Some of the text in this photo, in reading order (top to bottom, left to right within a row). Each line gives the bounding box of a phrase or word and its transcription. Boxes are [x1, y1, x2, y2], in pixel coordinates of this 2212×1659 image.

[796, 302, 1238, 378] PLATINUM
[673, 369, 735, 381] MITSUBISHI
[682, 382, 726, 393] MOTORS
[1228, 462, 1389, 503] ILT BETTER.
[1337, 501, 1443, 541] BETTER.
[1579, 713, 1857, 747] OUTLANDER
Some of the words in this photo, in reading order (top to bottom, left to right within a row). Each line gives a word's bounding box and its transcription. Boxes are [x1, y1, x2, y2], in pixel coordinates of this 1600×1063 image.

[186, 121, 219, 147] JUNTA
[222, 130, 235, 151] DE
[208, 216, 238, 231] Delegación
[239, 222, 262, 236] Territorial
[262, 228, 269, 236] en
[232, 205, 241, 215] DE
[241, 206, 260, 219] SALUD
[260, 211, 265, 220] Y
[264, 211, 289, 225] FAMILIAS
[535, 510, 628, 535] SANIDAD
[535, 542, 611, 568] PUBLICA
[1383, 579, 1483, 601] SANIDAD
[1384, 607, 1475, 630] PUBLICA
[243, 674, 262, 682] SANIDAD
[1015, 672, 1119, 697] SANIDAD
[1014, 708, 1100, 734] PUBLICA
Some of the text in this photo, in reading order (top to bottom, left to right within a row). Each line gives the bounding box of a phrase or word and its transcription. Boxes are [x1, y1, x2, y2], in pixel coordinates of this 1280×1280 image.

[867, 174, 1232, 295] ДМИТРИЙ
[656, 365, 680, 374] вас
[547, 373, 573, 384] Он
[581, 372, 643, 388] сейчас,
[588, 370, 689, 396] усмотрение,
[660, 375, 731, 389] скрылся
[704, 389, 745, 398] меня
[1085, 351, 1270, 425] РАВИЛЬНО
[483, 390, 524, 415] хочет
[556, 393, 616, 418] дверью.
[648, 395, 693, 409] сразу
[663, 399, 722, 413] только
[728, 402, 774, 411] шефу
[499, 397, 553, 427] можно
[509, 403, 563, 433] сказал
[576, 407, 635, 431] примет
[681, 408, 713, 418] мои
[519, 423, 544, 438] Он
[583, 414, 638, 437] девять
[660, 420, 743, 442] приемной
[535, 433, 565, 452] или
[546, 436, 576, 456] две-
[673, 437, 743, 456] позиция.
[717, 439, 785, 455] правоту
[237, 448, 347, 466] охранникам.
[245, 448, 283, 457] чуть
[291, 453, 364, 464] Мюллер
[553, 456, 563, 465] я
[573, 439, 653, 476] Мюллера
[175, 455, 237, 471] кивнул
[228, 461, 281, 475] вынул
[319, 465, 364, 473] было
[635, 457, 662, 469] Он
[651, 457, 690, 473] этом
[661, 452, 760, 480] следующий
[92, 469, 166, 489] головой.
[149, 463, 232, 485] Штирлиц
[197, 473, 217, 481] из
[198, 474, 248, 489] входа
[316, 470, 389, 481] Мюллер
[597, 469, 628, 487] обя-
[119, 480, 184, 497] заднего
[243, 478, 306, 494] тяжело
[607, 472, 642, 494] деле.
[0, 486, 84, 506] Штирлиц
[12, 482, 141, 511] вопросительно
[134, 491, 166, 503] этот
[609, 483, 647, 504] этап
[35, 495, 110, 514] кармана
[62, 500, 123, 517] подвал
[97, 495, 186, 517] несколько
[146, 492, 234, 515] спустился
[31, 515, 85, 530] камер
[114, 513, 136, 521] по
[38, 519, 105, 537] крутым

━━━━━━━━━━

# [Prompt]
Nothing may be left out or altered: reproduce the complete listing.

# [Solved problem]
Some of the text in this photo, in reading order (top to bottom, left to right within a row). Each line gives the bounding box of a phrase or word and its transcription. Boxes are [x1, y1, x2, y2], in pixel coordinates of this 2212×1659 image.

[796, 302, 1238, 378] PLATINUM
[673, 369, 735, 381] MITSUBISHI
[682, 382, 726, 393] MOTORS
[1228, 462, 1389, 503] ILT BETTER.
[1337, 501, 1443, 541] BETTER.
[1579, 713, 1857, 747] OUTLANDER
Some of the words in this photo, in reading order (top to bottom, left to right within a row). Each line gives a word's bounding box and its transcription. Boxes are [x1, y1, x2, y2], in pixel coordinates of this 1600×1063 image.

[186, 121, 219, 147] JUNTA
[222, 130, 235, 151] DE
[208, 216, 238, 231] Delegación
[239, 222, 262, 236] Territorial
[262, 228, 269, 236] en
[232, 205, 241, 215] DE
[241, 206, 260, 219] SALUD
[260, 211, 265, 220] Y
[264, 211, 289, 225] FAMILIAS
[535, 510, 628, 535] SANIDAD
[535, 542, 611, 568] PUBLICA
[1383, 579, 1483, 601] SANIDAD
[1384, 607, 1475, 630] PUBLICA
[243, 674, 262, 682] SANIDAD
[1015, 672, 1119, 697] SANIDAD
[1014, 708, 1100, 734] PUBLICA
Some of the text in this photo, in reading order (top to bottom, left to right within a row). Each line gives the bounding box of a phrase or word and its transcription. Boxes are [x1, y1, x2, y2], in pixel coordinates of this 1280×1280 image.

[867, 174, 1232, 295] ДМИТРИЙ
[656, 365, 680, 374] вас
[547, 373, 573, 384] Он
[581, 372, 643, 388] сейчас,
[588, 370, 689, 396] усмотрение,
[660, 375, 731, 389] скрылся
[704, 389, 745, 398] меня
[1085, 351, 1270, 425] РАВИЛЬНО
[483, 390, 524, 415] хочет
[556, 393, 616, 418] дверью.
[648, 395, 693, 409] сразу
[663, 399, 722, 413] только
[728, 402, 774, 411] шефу
[499, 397, 553, 427] можно
[509, 403, 563, 433] сказал
[576, 407, 635, 431] примет
[681, 408, 713, 418] мои
[519, 423, 544, 438] Он
[583, 414, 638, 437] девять
[660, 420, 743, 442] приемной
[535, 433, 565, 452] или
[546, 436, 576, 456] две-
[673, 437, 743, 456] позиция.
[717, 439, 785, 455] правоту
[237, 448, 347, 466] охранникам.
[245, 448, 283, 457] чуть
[291, 453, 364, 464] Мюллер
[553, 456, 563, 465] я
[573, 439, 653, 476] Мюллера
[175, 455, 237, 471] кивнул
[228, 461, 281, 475] вынул
[319, 465, 364, 473] было
[635, 457, 662, 469] Он
[651, 457, 690, 473] этом
[661, 452, 760, 480] следующий
[92, 469, 166, 489] головой.
[149, 463, 232, 485] Штирлиц
[197, 473, 217, 481] из
[198, 474, 248, 489] входа
[316, 470, 389, 481] Мюллер
[597, 469, 628, 487] обя-
[119, 480, 184, 497] заднего
[243, 478, 306, 494] тяжело
[607, 472, 642, 494] деле.
[0, 486, 84, 506] Штирлиц
[12, 482, 141, 511] вопросительно
[134, 491, 166, 503] этот
[609, 483, 647, 504] этап
[35, 495, 110, 514] кармана
[62, 500, 123, 517] подвал
[97, 495, 186, 517] несколько
[146, 492, 234, 515] спустился
[31, 515, 85, 530] камер
[114, 513, 136, 521] по
[38, 519, 105, 537] крутым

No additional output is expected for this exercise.